Spatial localization data:
● ● ●

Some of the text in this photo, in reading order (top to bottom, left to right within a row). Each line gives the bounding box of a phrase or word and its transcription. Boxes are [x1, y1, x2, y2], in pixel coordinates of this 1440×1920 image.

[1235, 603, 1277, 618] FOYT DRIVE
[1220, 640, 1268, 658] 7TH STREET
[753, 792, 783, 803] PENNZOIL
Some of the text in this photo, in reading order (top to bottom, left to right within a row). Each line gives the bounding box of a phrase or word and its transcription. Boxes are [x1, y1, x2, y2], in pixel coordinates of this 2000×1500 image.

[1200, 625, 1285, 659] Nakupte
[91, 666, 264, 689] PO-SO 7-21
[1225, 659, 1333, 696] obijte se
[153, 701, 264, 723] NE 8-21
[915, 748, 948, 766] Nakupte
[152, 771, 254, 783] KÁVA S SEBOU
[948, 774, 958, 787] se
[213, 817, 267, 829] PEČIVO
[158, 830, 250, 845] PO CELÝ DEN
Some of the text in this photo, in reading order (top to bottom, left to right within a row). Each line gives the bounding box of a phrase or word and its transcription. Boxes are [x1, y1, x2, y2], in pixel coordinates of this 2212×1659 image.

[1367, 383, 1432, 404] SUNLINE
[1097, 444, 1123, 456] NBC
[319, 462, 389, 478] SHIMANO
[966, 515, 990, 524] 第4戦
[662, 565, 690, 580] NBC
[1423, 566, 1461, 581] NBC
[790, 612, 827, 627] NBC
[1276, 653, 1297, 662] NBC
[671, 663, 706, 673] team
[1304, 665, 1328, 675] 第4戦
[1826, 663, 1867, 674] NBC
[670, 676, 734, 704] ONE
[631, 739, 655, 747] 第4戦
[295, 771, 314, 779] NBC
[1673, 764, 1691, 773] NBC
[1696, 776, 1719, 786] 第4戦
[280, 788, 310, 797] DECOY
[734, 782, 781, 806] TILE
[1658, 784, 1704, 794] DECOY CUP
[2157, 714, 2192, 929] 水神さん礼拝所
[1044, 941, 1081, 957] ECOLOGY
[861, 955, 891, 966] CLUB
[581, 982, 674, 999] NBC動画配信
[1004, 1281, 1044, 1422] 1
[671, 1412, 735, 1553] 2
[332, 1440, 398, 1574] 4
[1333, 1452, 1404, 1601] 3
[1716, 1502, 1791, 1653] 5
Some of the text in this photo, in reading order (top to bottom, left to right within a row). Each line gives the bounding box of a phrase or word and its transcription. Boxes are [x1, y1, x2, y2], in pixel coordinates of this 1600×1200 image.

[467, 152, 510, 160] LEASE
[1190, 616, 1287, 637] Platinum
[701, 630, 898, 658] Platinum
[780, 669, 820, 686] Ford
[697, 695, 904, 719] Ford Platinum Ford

● ● ●

Task:
I'd like every record written out exactly as given.

Expected output:
Some of the text in this photo, in reading order (top to bottom, left to right within a row). Each line gives the bounding box of a phrase or word and its transcription. Boxes are [x1, y1, x2, y2], in pixel coordinates of this 1440×1920 image.

[1235, 603, 1277, 618] FOYT DRIVE
[1220, 640, 1268, 658] 7TH STREET
[753, 792, 783, 803] PENNZOIL
Some of the text in this photo, in reading order (top to bottom, left to right within a row). Each line gives the bounding box of a phrase or word and its transcription. Boxes are [x1, y1, x2, y2], in pixel coordinates of this 2000×1500 image.

[1200, 625, 1285, 659] Nakupte
[91, 666, 264, 689] PO-SO 7-21
[1225, 659, 1333, 696] obijte se
[153, 701, 264, 723] NE 8-21
[915, 748, 948, 766] Nakupte
[152, 771, 254, 783] KÁVA S SEBOU
[948, 774, 958, 787] se
[213, 817, 267, 829] PEČIVO
[158, 830, 250, 845] PO CELÝ DEN
Some of the text in this photo, in reading order (top to bottom, left to right within a row). Each line gives the bounding box of a phrase or word and its transcription. Boxes are [x1, y1, x2, y2], in pixel coordinates of this 2212×1659 image.

[1367, 383, 1432, 404] SUNLINE
[1097, 444, 1123, 456] NBC
[319, 462, 389, 478] SHIMANO
[966, 515, 990, 524] 第4戦
[662, 565, 690, 580] NBC
[1423, 566, 1461, 581] NBC
[790, 612, 827, 627] NBC
[1276, 653, 1297, 662] NBC
[671, 663, 706, 673] team
[1304, 665, 1328, 675] 第4戦
[1826, 663, 1867, 674] NBC
[670, 676, 734, 704] ONE
[631, 739, 655, 747] 第4戦
[295, 771, 314, 779] NBC
[1673, 764, 1691, 773] NBC
[1696, 776, 1719, 786] 第4戦
[280, 788, 310, 797] DECOY
[734, 782, 781, 806] TILE
[1658, 784, 1704, 794] DECOY CUP
[2157, 714, 2192, 929] 水神さん礼拝所
[1044, 941, 1081, 957] ECOLOGY
[861, 955, 891, 966] CLUB
[581, 982, 674, 999] NBC動画配信
[1004, 1281, 1044, 1422] 1
[671, 1412, 735, 1553] 2
[332, 1440, 398, 1574] 4
[1333, 1452, 1404, 1601] 3
[1716, 1502, 1791, 1653] 5
Some of the text in this photo, in reading order (top to bottom, left to right within a row). Each line gives the bounding box of a phrase or word and its transcription. Boxes are [x1, y1, x2, y2], in pixel coordinates of this 1600×1200 image.

[467, 152, 510, 160] LEASE
[1190, 616, 1287, 637] Platinum
[701, 630, 898, 658] Platinum
[780, 669, 820, 686] Ford
[697, 695, 904, 719] Ford Platinum Ford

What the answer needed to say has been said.